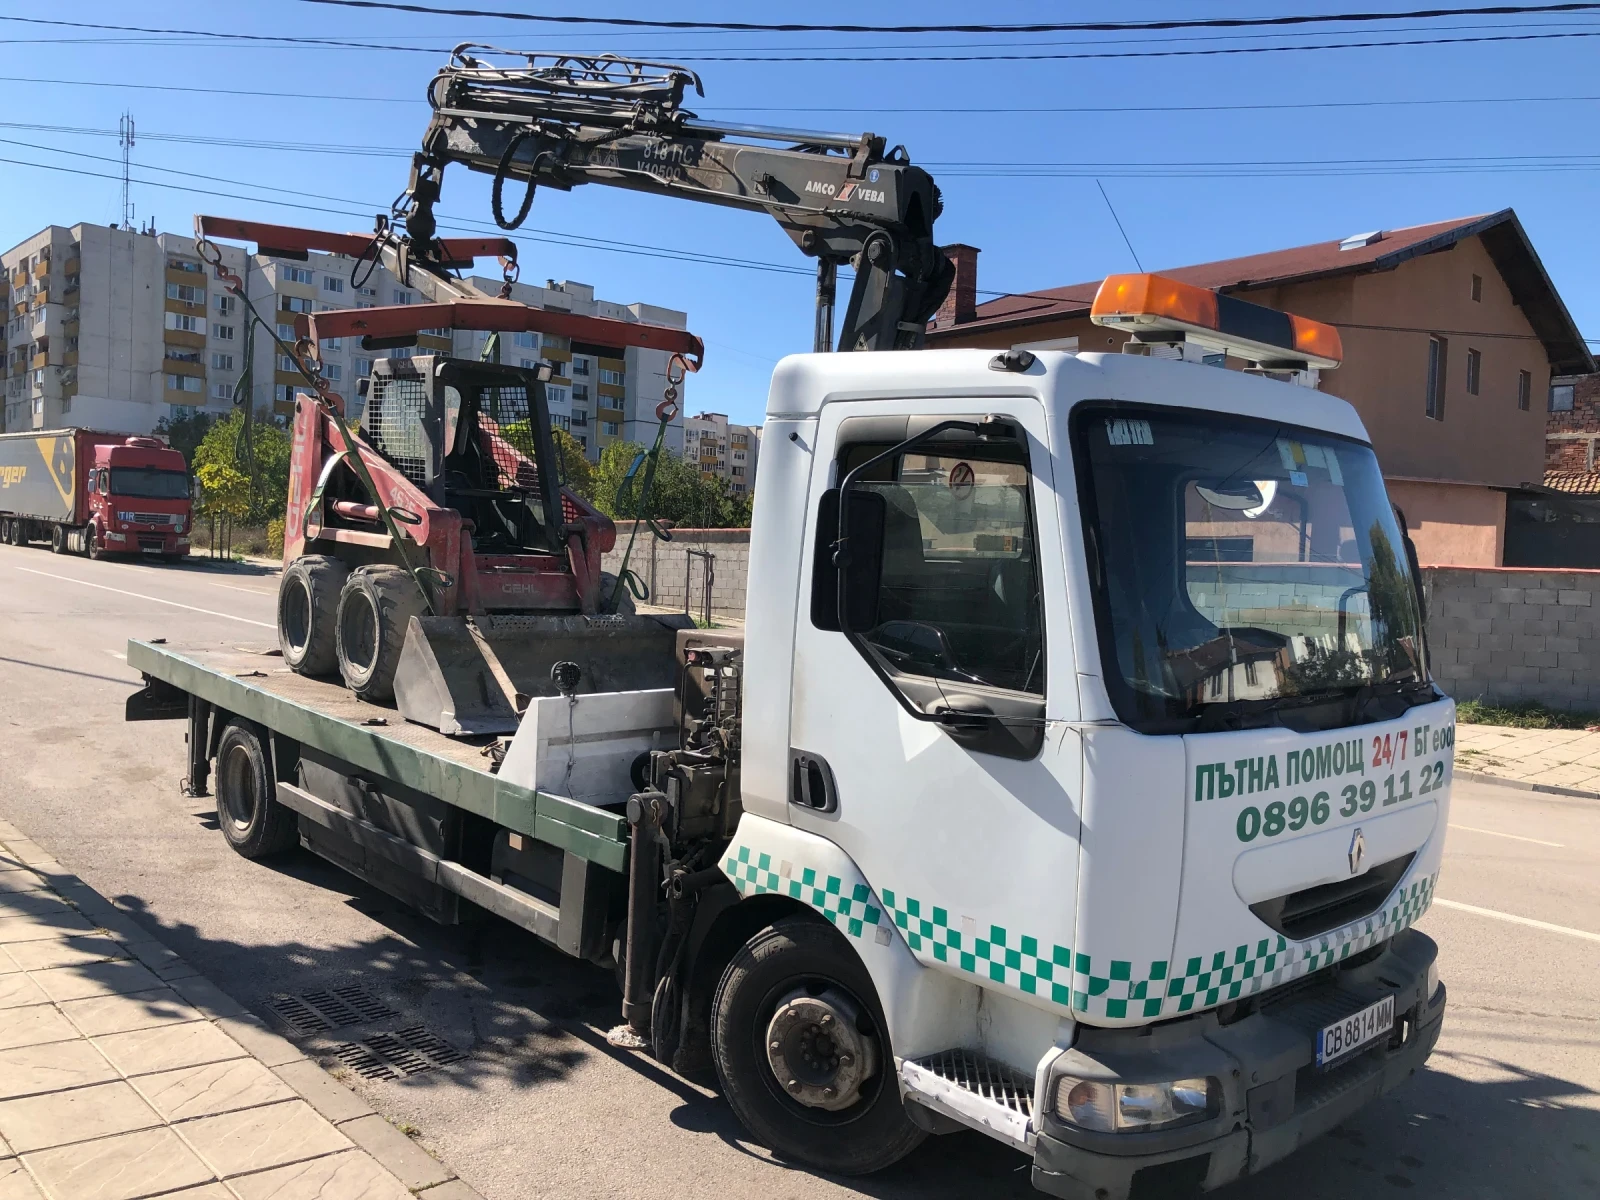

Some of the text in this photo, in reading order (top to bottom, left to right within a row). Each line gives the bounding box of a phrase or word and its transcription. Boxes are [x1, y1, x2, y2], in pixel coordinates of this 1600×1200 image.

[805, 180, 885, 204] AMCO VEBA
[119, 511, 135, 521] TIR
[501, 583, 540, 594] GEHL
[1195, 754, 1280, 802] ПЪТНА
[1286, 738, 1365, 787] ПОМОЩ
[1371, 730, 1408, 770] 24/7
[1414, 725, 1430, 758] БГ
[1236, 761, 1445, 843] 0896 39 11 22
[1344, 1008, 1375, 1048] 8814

━━━━━━

— Task requirements —
Copy out every line of the data exactly, leaving the images behind.

— Response box —
Some of the text in this photo, in reading order (top to bottom, left to right within a row). Each line gives the bounding box of a phrase or word and its transcription. Boxes are [x1, y1, x2, y2], in pixel coordinates of this 1600×1200 image.

[805, 180, 885, 204] AMCO VEBA
[119, 511, 135, 521] TIR
[501, 583, 540, 594] GEHL
[1195, 754, 1280, 802] ПЪТНА
[1286, 738, 1365, 787] ПОМОЩ
[1371, 730, 1408, 770] 24/7
[1414, 725, 1430, 758] БГ
[1236, 761, 1445, 843] 0896 39 11 22
[1344, 1008, 1375, 1048] 8814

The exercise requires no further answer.